**Problem to solve:** Transcribe all records, preserving every character.

**Input data:**
________________________________________

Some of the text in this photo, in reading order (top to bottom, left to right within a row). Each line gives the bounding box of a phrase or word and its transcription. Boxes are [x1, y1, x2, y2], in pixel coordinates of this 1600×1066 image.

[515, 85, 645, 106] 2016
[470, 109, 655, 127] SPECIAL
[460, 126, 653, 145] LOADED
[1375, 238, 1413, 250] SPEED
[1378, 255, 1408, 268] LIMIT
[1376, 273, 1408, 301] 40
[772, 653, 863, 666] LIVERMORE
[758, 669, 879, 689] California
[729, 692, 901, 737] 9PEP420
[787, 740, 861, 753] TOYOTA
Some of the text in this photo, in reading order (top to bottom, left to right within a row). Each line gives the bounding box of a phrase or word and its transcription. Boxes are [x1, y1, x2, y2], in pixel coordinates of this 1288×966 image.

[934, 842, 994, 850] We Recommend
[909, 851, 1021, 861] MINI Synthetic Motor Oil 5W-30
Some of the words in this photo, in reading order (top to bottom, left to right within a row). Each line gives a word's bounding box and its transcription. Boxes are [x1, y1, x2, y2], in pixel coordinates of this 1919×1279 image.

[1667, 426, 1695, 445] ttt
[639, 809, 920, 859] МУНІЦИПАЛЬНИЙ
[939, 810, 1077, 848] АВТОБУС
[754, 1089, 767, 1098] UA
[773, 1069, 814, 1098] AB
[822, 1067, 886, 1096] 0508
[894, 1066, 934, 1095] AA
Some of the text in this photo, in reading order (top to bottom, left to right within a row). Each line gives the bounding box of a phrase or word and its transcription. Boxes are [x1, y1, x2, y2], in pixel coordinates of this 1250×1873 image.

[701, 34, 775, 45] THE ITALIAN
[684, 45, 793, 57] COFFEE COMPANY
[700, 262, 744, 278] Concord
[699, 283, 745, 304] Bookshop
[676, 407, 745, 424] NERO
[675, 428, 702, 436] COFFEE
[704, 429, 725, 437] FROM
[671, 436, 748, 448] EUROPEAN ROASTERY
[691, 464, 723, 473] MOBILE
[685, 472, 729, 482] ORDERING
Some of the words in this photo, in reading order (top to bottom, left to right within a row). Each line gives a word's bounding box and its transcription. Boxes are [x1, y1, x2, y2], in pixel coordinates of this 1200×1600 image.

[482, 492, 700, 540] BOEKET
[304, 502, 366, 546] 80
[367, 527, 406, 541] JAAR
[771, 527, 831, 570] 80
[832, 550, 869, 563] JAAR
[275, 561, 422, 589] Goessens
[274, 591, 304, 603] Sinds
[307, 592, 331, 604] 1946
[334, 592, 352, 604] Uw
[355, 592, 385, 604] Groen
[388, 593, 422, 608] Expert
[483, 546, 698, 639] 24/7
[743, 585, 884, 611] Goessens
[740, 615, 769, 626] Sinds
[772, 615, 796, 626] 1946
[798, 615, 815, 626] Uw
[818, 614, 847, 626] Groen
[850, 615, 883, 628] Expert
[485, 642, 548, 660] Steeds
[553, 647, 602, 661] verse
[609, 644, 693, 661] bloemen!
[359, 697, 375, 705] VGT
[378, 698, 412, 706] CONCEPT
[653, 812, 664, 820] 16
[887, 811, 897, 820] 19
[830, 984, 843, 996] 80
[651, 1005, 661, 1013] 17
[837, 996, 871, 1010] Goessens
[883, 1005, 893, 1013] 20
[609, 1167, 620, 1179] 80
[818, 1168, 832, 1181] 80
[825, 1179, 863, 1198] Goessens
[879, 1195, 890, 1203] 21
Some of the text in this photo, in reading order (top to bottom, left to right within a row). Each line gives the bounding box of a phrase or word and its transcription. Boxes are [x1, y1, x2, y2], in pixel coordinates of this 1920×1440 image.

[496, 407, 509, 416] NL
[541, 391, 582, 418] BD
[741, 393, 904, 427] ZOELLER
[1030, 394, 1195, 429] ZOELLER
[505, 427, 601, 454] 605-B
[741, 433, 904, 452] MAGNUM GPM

________________________________________

**Exercise solution:**
Some of the text in this photo, in reading order (top to bottom, left to right within a row). Each line gives the bounding box of a phrase or word and its transcription. Boxes are [x1, y1, x2, y2], in pixel coordinates of this 1600×1066 image.

[515, 85, 645, 106] 2016
[470, 109, 655, 127] SPECIAL
[460, 126, 653, 145] LOADED
[1375, 238, 1413, 250] SPEED
[1378, 255, 1408, 268] LIMIT
[1376, 273, 1408, 301] 40
[772, 653, 863, 666] LIVERMORE
[758, 669, 879, 689] California
[729, 692, 901, 737] 9PEP420
[787, 740, 861, 753] TOYOTA
Some of the text in this photo, in reading order (top to bottom, left to right within a row). Each line gives the bounding box of a phrase or word and its transcription. Boxes are [x1, y1, x2, y2], in pixel coordinates of this 1288×966 image.

[934, 842, 994, 850] We Recommend
[909, 851, 1021, 861] MINI Synthetic Motor Oil 5W-30
Some of the words in this photo, in reading order (top to bottom, left to right within a row). Each line gives a word's bounding box and its transcription. Boxes are [x1, y1, x2, y2], in pixel coordinates of this 1919×1279 image.

[1667, 426, 1695, 445] ttt
[639, 809, 920, 859] МУНІЦИПАЛЬНИЙ
[939, 810, 1077, 848] АВТОБУС
[754, 1089, 767, 1098] UA
[773, 1069, 814, 1098] AB
[822, 1067, 886, 1096] 0508
[894, 1066, 934, 1095] AA
Some of the text in this photo, in reading order (top to bottom, left to right within a row). Each line gives the bounding box of a phrase or word and its transcription. Boxes are [x1, y1, x2, y2], in pixel coordinates of this 1250×1873 image.

[701, 34, 775, 45] THE ITALIAN
[684, 45, 793, 57] COFFEE COMPANY
[700, 262, 744, 278] Concord
[699, 283, 745, 304] Bookshop
[676, 407, 745, 424] NERO
[675, 428, 702, 436] COFFEE
[704, 429, 725, 437] FROM
[671, 436, 748, 448] EUROPEAN ROASTERY
[691, 464, 723, 473] MOBILE
[685, 472, 729, 482] ORDERING
Some of the words in this photo, in reading order (top to bottom, left to right within a row). Each line gives a word's bounding box and its transcription. Boxes are [x1, y1, x2, y2], in pixel coordinates of this 1200×1600 image.

[482, 492, 700, 540] BOEKET
[304, 502, 366, 546] 80
[367, 527, 406, 541] JAAR
[771, 527, 831, 570] 80
[832, 550, 869, 563] JAAR
[275, 561, 422, 589] Goessens
[274, 591, 304, 603] Sinds
[307, 592, 331, 604] 1946
[334, 592, 352, 604] Uw
[355, 592, 385, 604] Groen
[388, 593, 422, 608] Expert
[483, 546, 698, 639] 24/7
[743, 585, 884, 611] Goessens
[740, 615, 769, 626] Sinds
[772, 615, 796, 626] 1946
[798, 615, 815, 626] Uw
[818, 614, 847, 626] Groen
[850, 615, 883, 628] Expert
[485, 642, 548, 660] Steeds
[553, 647, 602, 661] verse
[609, 644, 693, 661] bloemen!
[359, 697, 375, 705] VGT
[378, 698, 412, 706] CONCEPT
[653, 812, 664, 820] 16
[887, 811, 897, 820] 19
[830, 984, 843, 996] 80
[651, 1005, 661, 1013] 17
[837, 996, 871, 1010] Goessens
[883, 1005, 893, 1013] 20
[609, 1167, 620, 1179] 80
[818, 1168, 832, 1181] 80
[825, 1179, 863, 1198] Goessens
[879, 1195, 890, 1203] 21
Some of the text in this photo, in reading order (top to bottom, left to right within a row). Each line gives the bounding box of a phrase or word and its transcription. Boxes are [x1, y1, x2, y2], in pixel coordinates of this 1920×1440 image.

[496, 407, 509, 416] NL
[541, 391, 582, 418] BD
[741, 393, 904, 427] ZOELLER
[1030, 394, 1195, 429] ZOELLER
[505, 427, 601, 454] 605-B
[741, 433, 904, 452] MAGNUM GPM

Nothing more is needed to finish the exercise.